Rosie O’Donnell Offers Powerful Advice to Drew Barrymore Amid Talk Show Controversy

Rosie O’Donnell offers Drew Barrymore valuable advice amidst the controversy surrounding her decision to cross the picket line during the writers strike.

O’Donnell, who had her own talk show before joining “The View,” shared a screenshot of an essay by Elizabeth Grey that discussed Barrymore’s choice to resume production on her show.

The essay stated, “Stop taping the show. Stop asking audiences to cross the picket line.” O’Donnell shared this post on her Instagram.

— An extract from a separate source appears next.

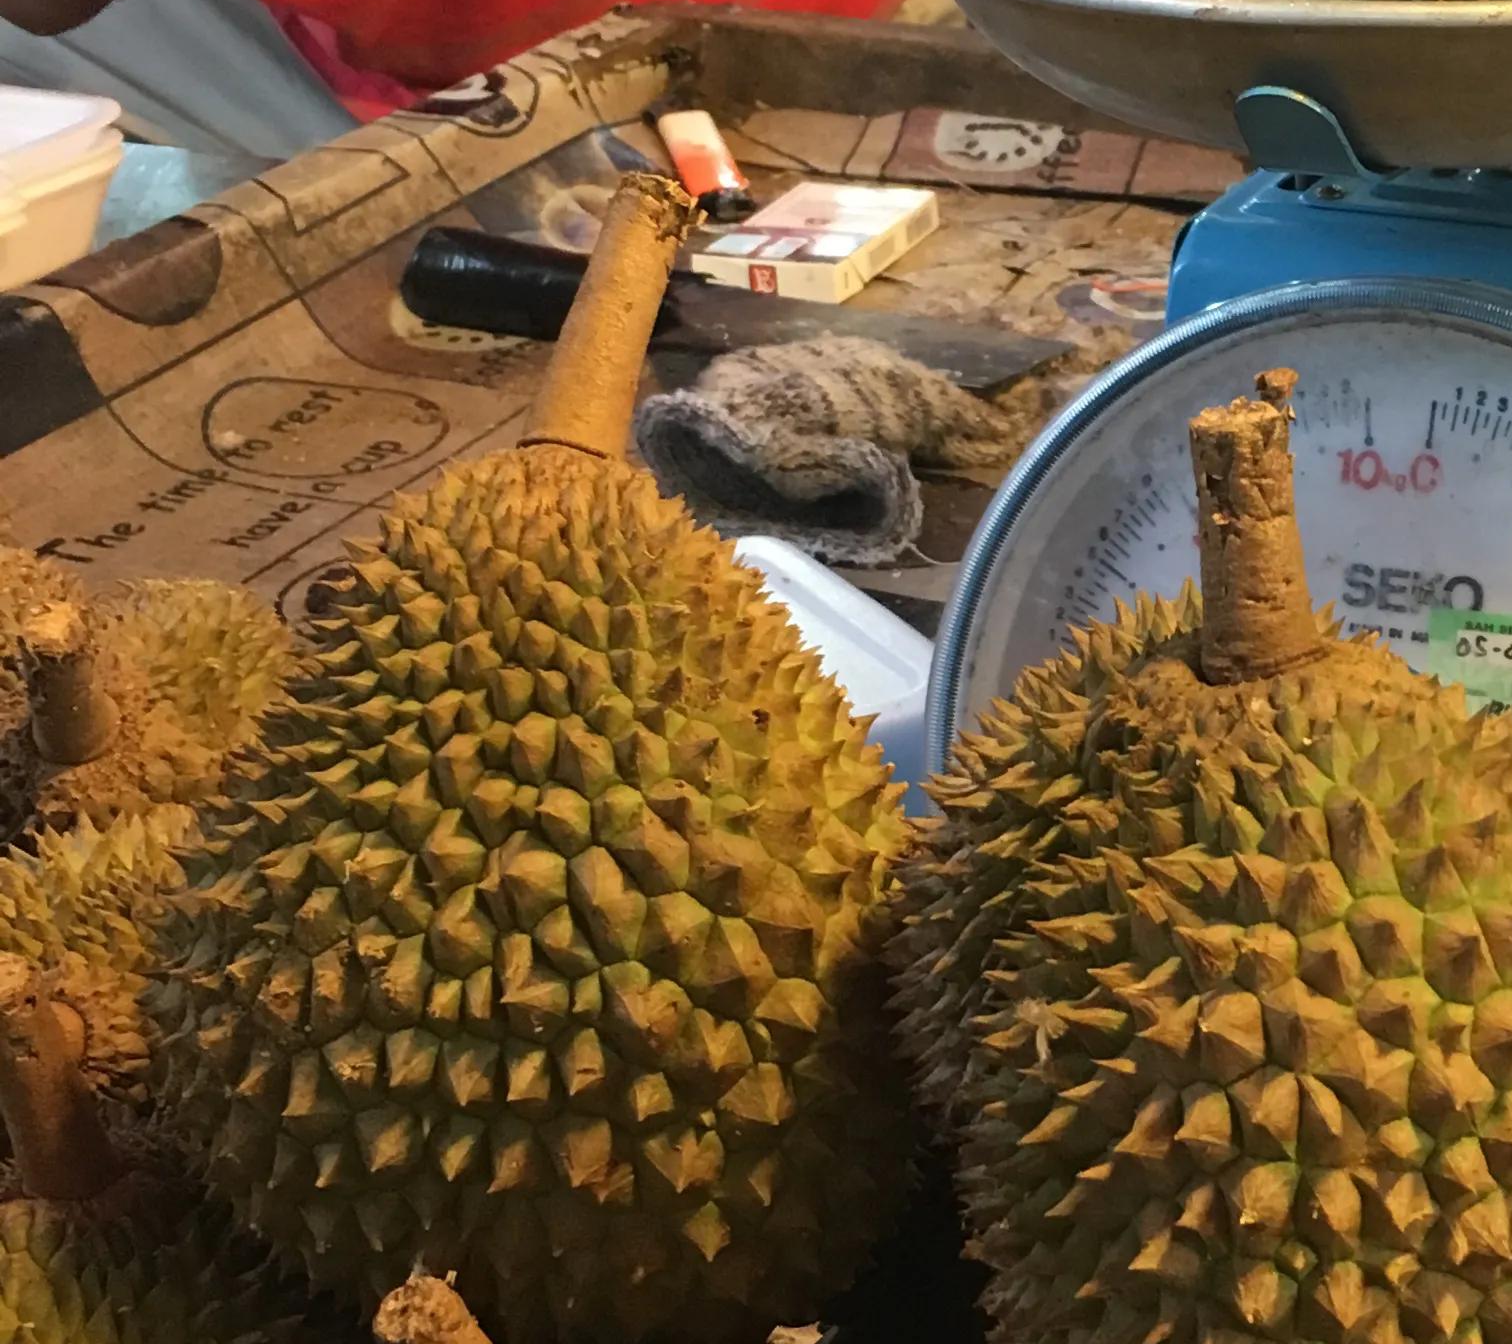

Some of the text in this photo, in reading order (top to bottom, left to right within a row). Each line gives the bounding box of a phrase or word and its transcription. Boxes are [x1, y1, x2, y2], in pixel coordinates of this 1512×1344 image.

O’Donnell advised Barrymore to apologize and suggested she craft three declarative sentences: “I made an error. I apologize to the WGA for disrespecting the work of professional writers. I apologize to all union members who are withstanding real hardship as I live a life of luxury.”

O’Donnell captioned the post “advice 4 @drewbarrymore” alongside a heart emoji.

O’Donnell is one of many in the entertainment industry who have criticized Barrymore for proceeding with filming her show while the writers are on strike.

Barrymore initially showed solidarity with the striking writers by stepping down from hosting the MTV Movie and TV Awards in May.

The strike, started by the Writers Guild of America in an effort to secure fair streaming profits and AI protection, began that same month. (HuffPost’s staff members are also represented by the WGA East.)

The WGA stated that Barrymore’s show is a “WGA-covered, struck show” and any writing is a violation of the strike rules. CBS, the network of the show, stated they would not be performing any writing work covered by the WGA strike.

Barrymore’s decision also resulted in the National Book Foundation rescinding its invitation for her to host their award ceremony this year.

Barrymore attempted to defend her choice in a now-deleted video shared on her Instagram.

Actors such as Bradley Whitford and Debra Messing criticized Barrymore, with Whitford stating that the host’s actions undermined union solidarity during an important moment in Hollywood labor history.

The WGA, in response to Barrymore’s video, emphasized that the host should not be on air while the writers are on strike fighting for a fair deal.